- What you will do
The entries below should be quoted exactly, with no pictures carried over.

Annotated photo localization data:
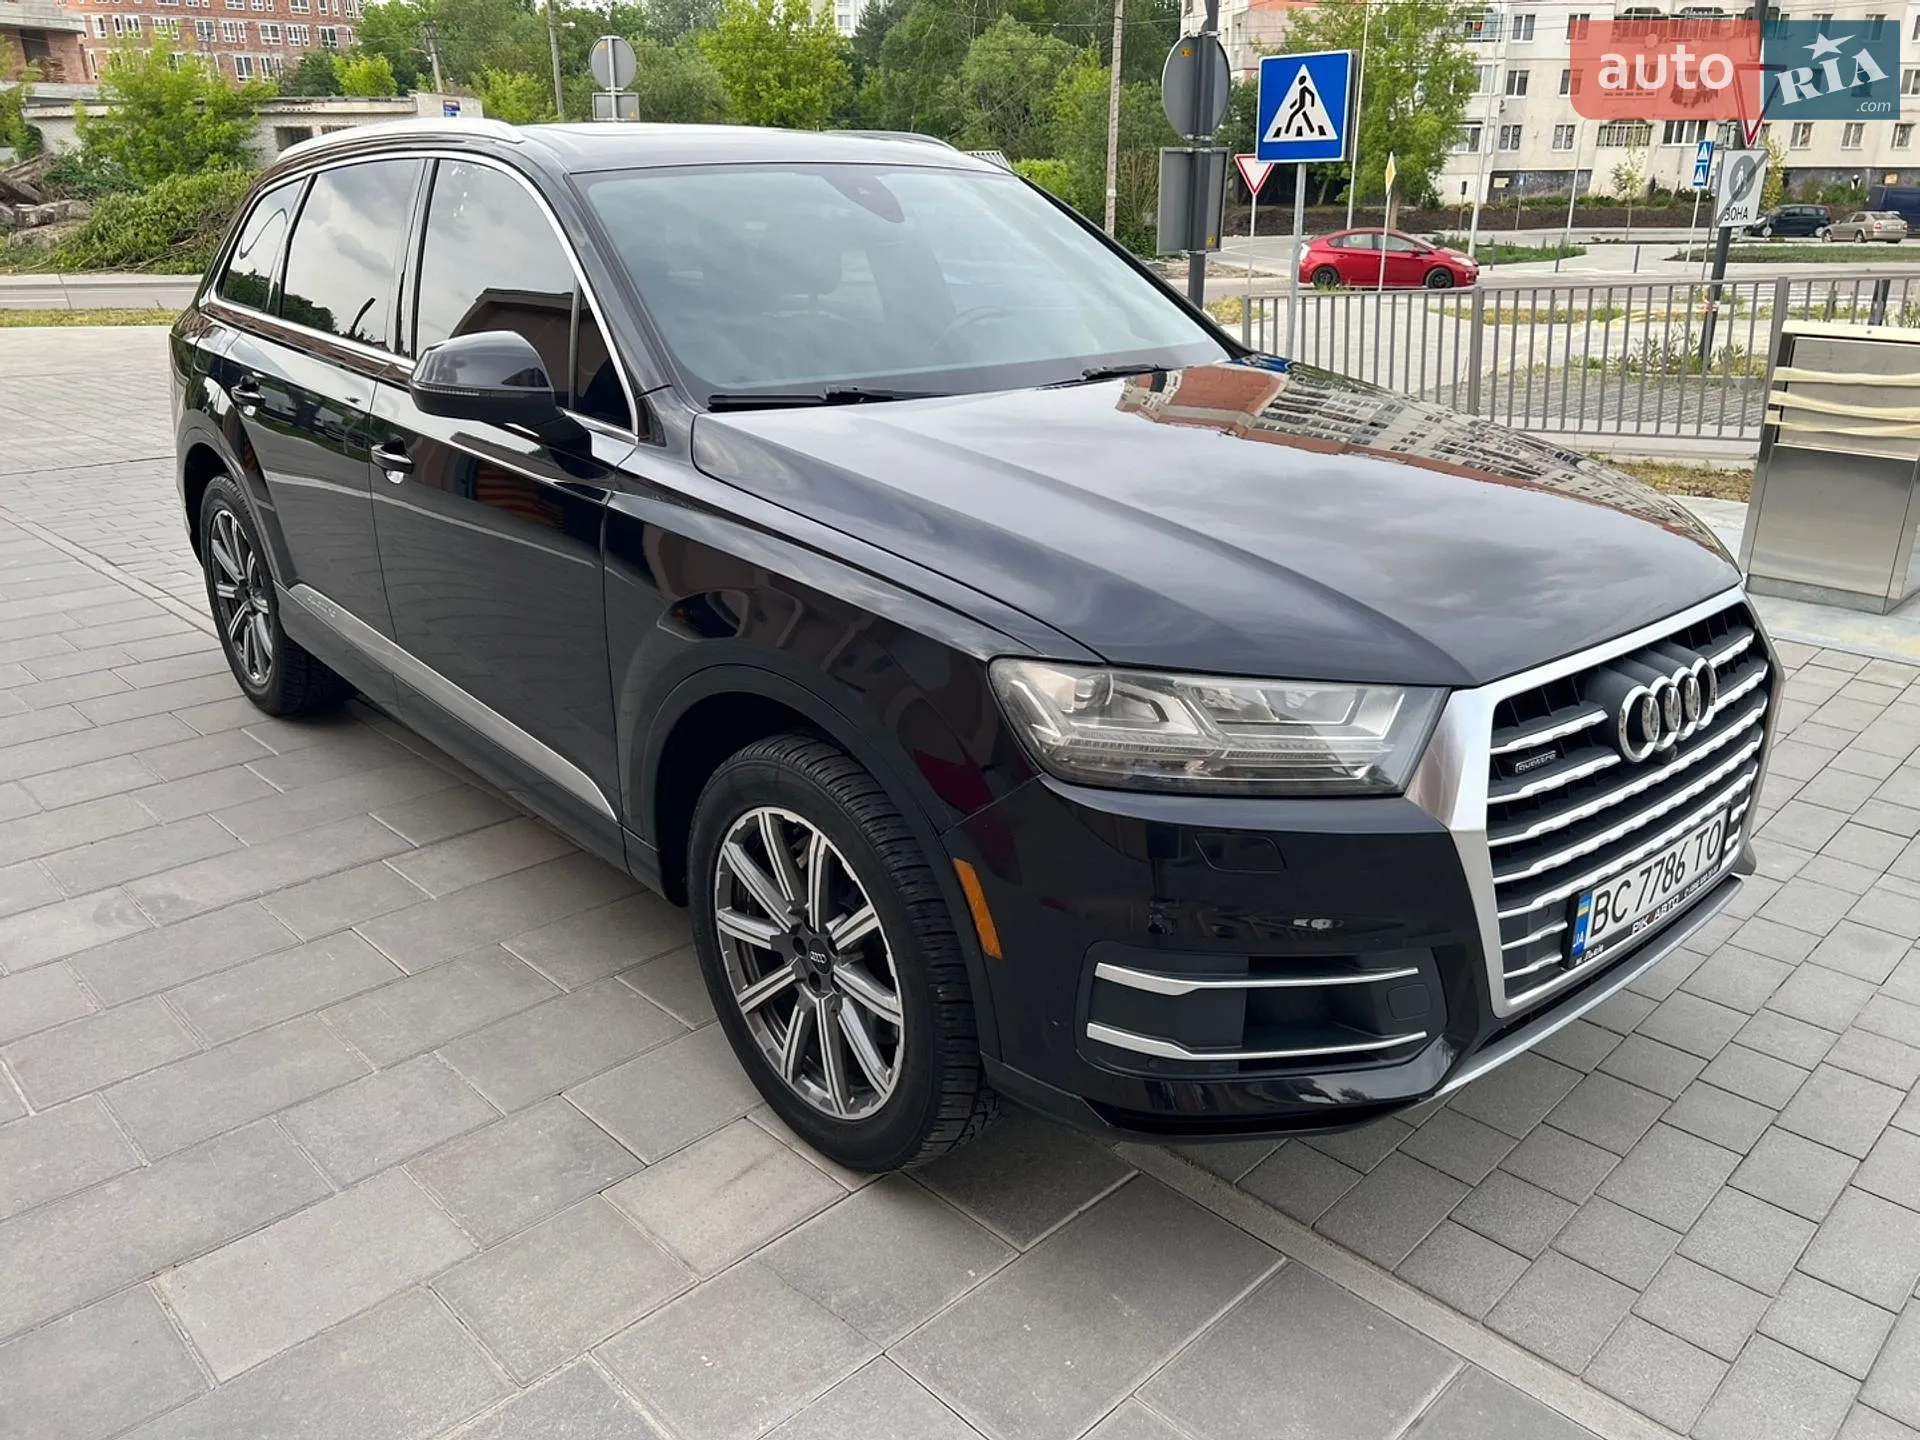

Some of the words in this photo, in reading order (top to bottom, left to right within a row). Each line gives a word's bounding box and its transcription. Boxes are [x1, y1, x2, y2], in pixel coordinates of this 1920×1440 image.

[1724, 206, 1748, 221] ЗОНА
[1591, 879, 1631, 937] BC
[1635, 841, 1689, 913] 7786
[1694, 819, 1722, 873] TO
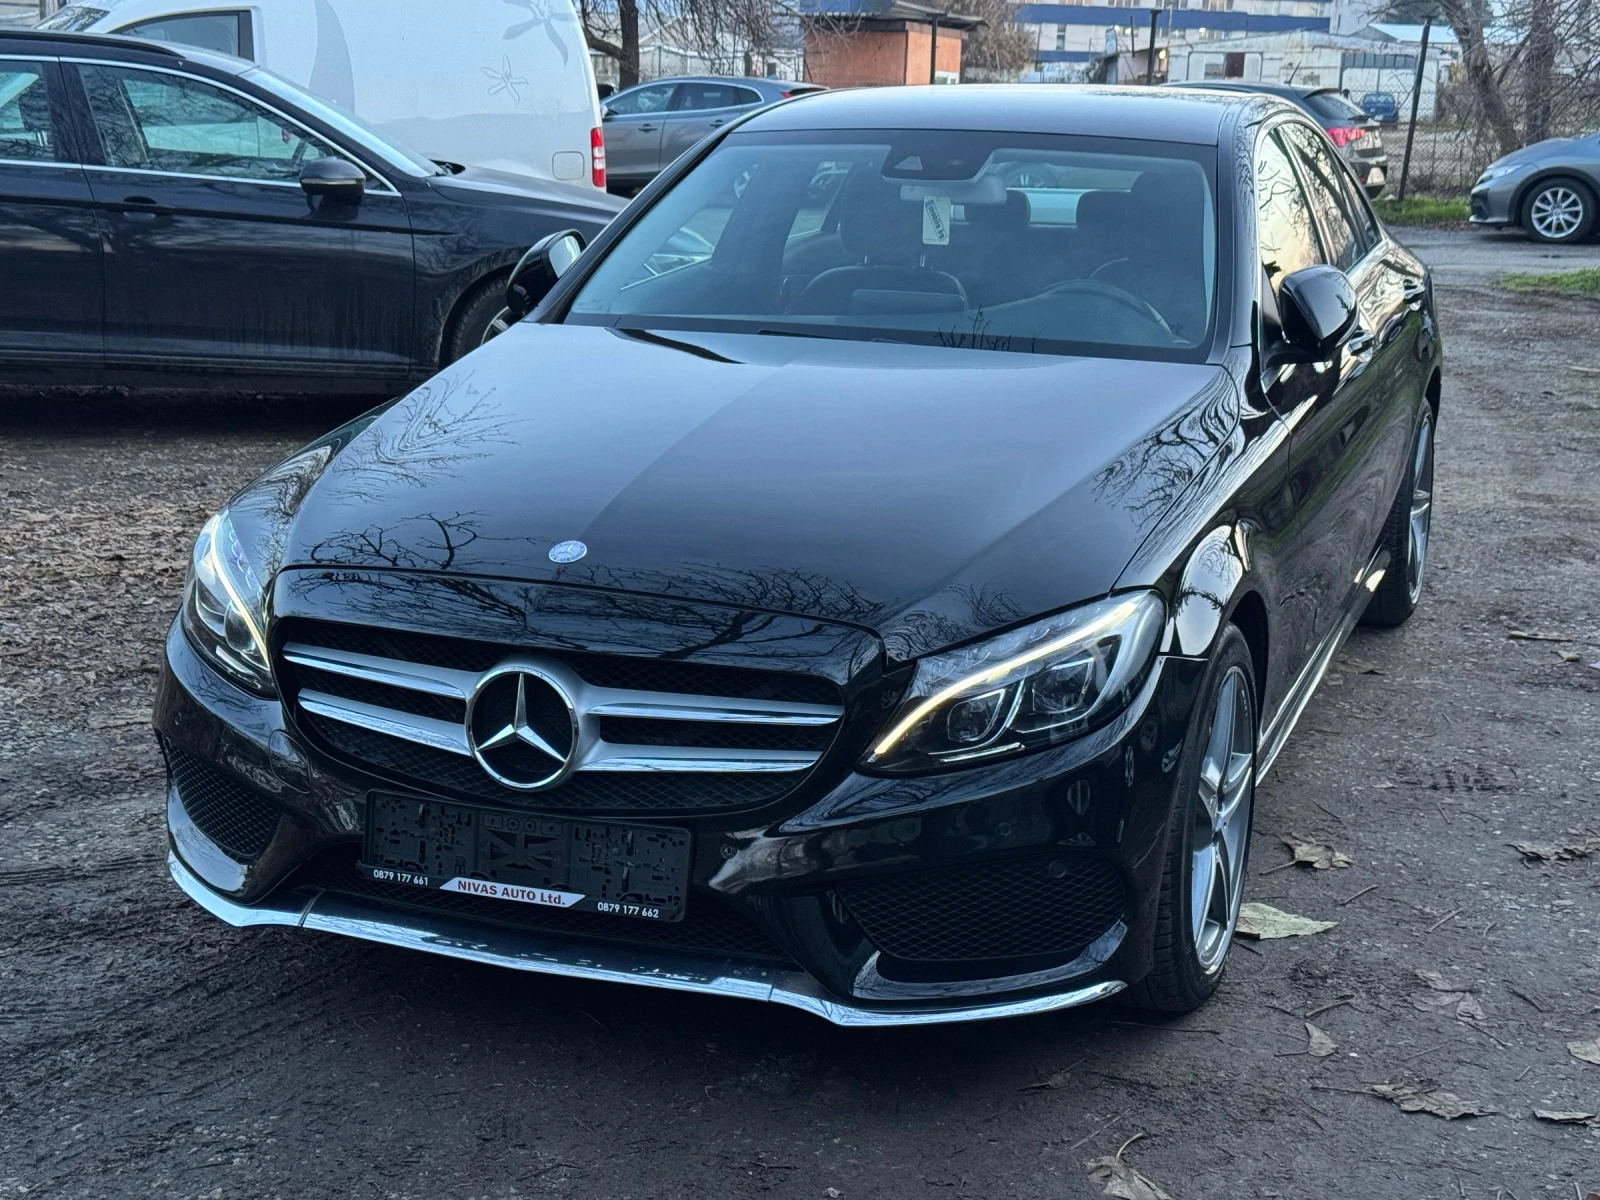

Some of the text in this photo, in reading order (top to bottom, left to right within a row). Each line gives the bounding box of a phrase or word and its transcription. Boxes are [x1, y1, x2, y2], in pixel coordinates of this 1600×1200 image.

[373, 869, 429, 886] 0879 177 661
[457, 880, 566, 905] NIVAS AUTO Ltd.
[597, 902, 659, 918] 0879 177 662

- Task output
Some of the words in this photo, in reading order (top to bottom, left to right within a row). Each line gives a word's bounding box and its transcription. Boxes are [x1, y1, x2, y2], in pixel coordinates of this 1920×1440 image.

[1724, 206, 1748, 221] ЗОНА
[1591, 879, 1631, 937] BC
[1635, 841, 1689, 913] 7786
[1694, 819, 1722, 873] TO

Some of the text in this photo, in reading order (top to bottom, left to right within a row). Each line gives the bounding box of a phrase or word and its transcription. Boxes are [x1, y1, x2, y2], in pixel coordinates of this 1600×1200 image.

[373, 869, 429, 886] 0879 177 661
[457, 880, 566, 905] NIVAS AUTO Ltd.
[597, 902, 659, 918] 0879 177 662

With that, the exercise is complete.